Task directions -> Transcribe all of the data verbatim, please, and leave out its pictures.

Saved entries
-=-=-

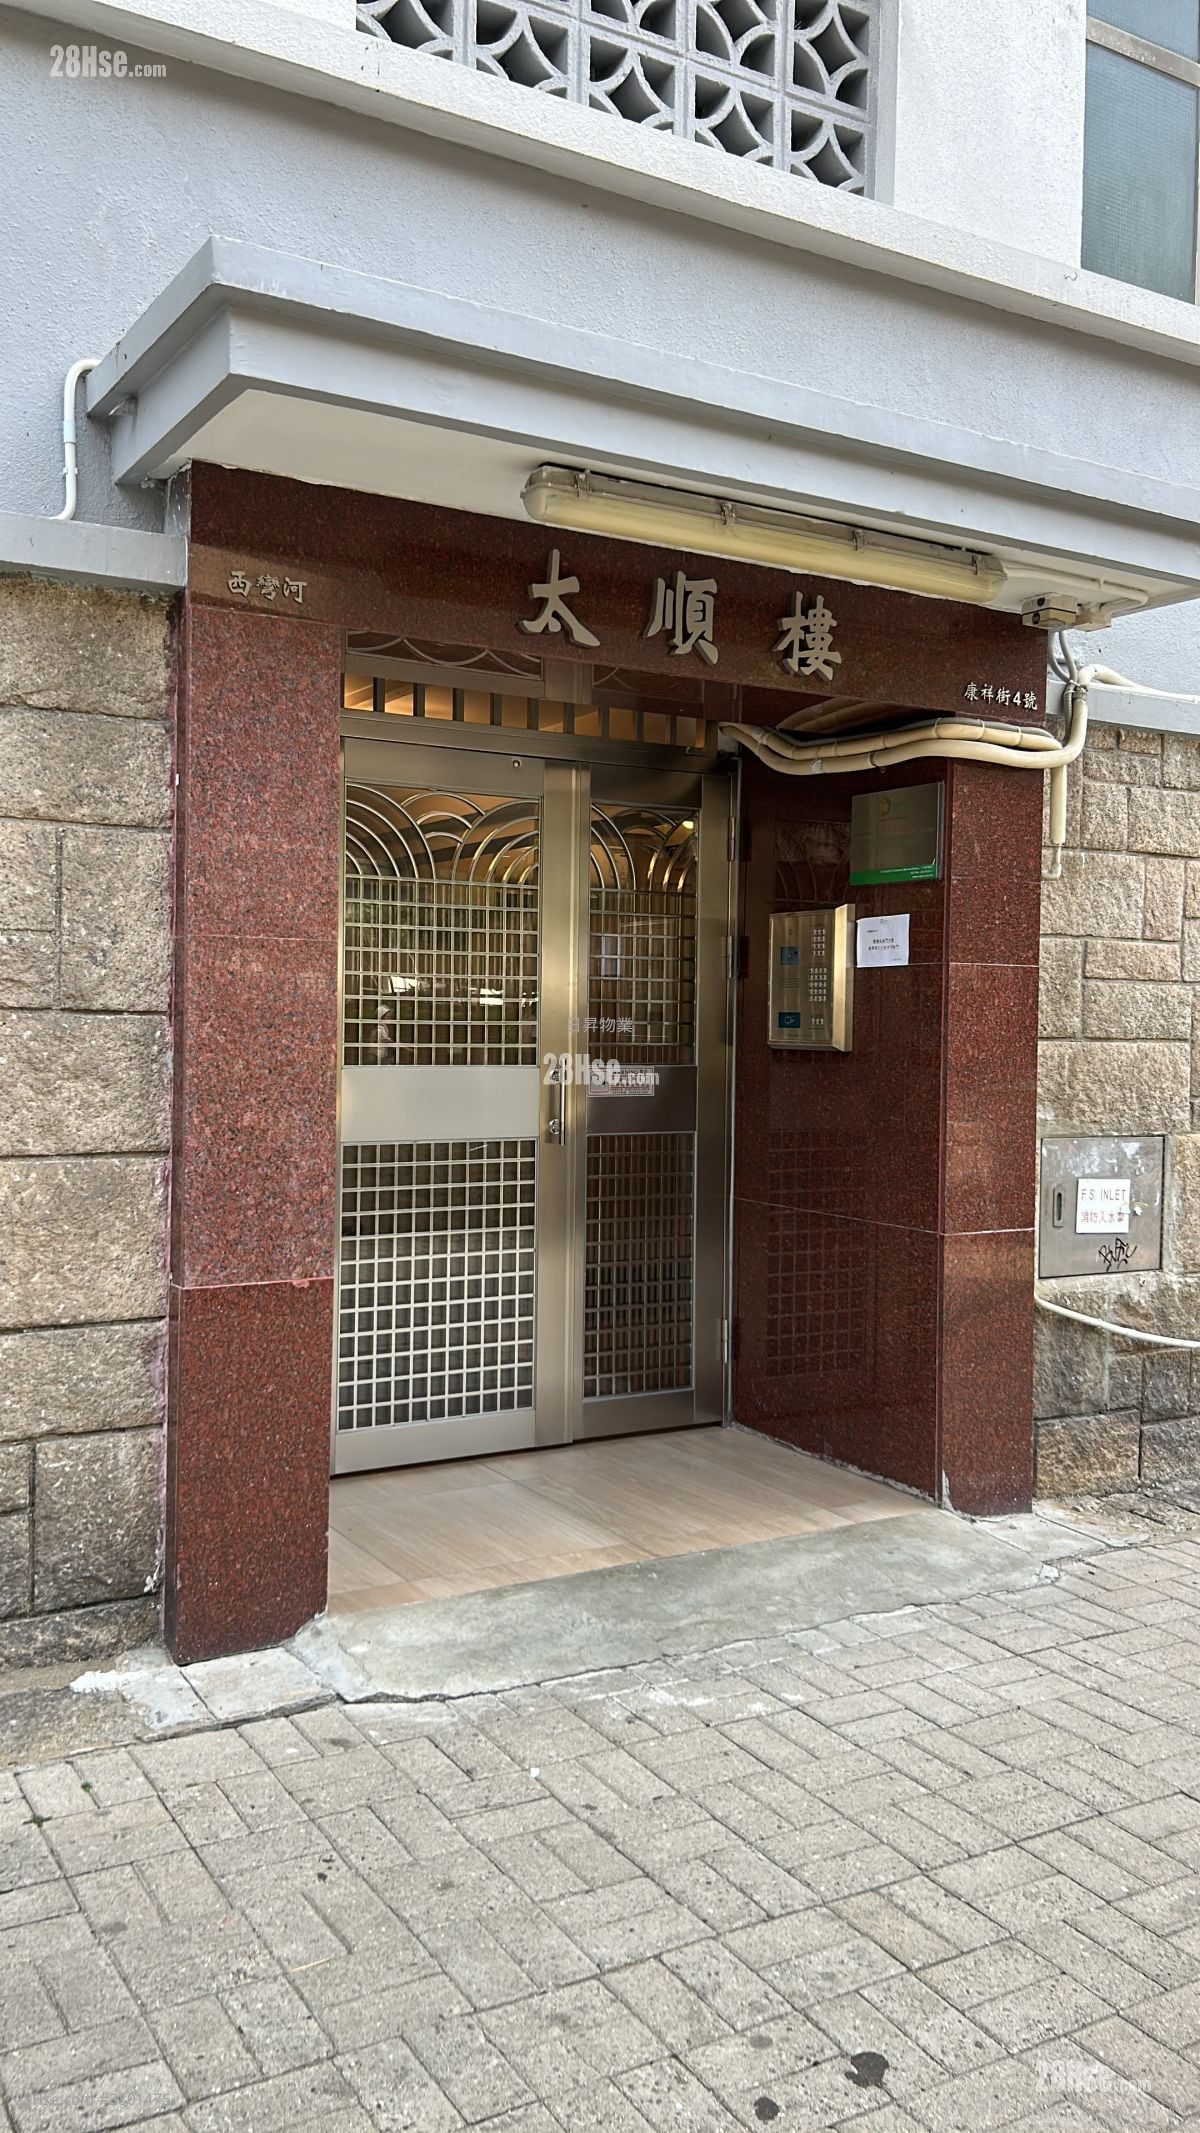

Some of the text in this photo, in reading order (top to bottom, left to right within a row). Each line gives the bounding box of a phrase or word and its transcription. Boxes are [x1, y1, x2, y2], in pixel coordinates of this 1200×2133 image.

[519, 549, 842, 682] 太順樓
[964, 682, 1038, 710] 康祥街4號
[1100, 1188, 1126, 1201] INLET
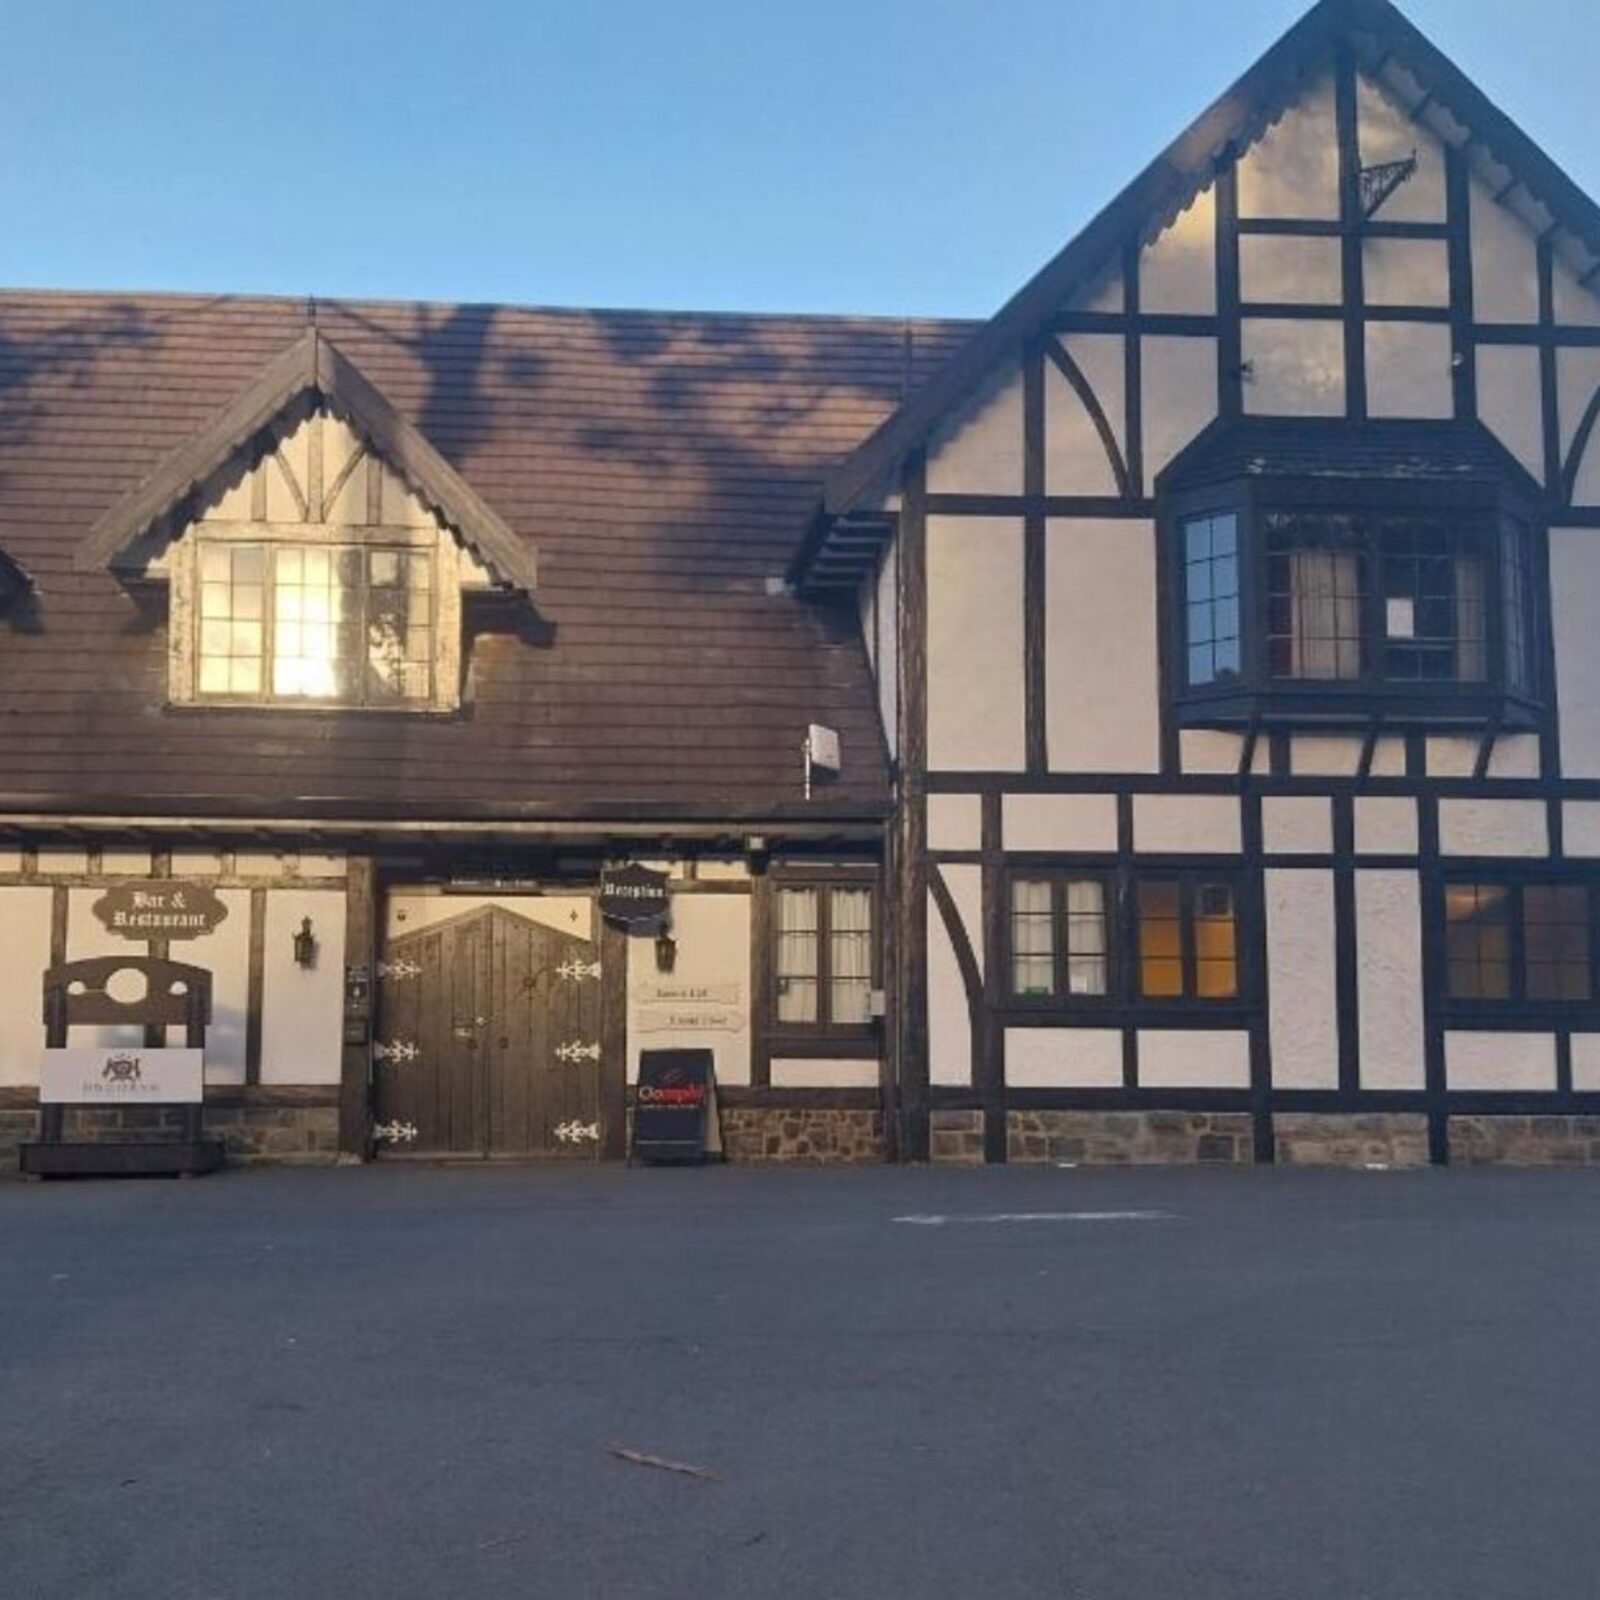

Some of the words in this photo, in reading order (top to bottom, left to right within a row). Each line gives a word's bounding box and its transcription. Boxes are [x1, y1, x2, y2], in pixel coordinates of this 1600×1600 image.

-=-=-

Finished task ->
Some of the text in this photo, in reading order (top to bottom, left to right within a row). Each line gives the bounding box of a phrase or word and its transcription. Boxes are [x1, y1, x2, y2], in pixel coordinates of this 1200×2133 image.

[519, 549, 842, 682] 太順樓
[964, 682, 1038, 710] 康祥街4號
[1100, 1188, 1126, 1201] INLET

Some of the words in this photo, in reading order (top to bottom, left to right within a row). Each line gives a word's bounding box and its transcription. Boxes are [x1, y1, x2, y2], in pixel coordinates of this 1600×1600 image.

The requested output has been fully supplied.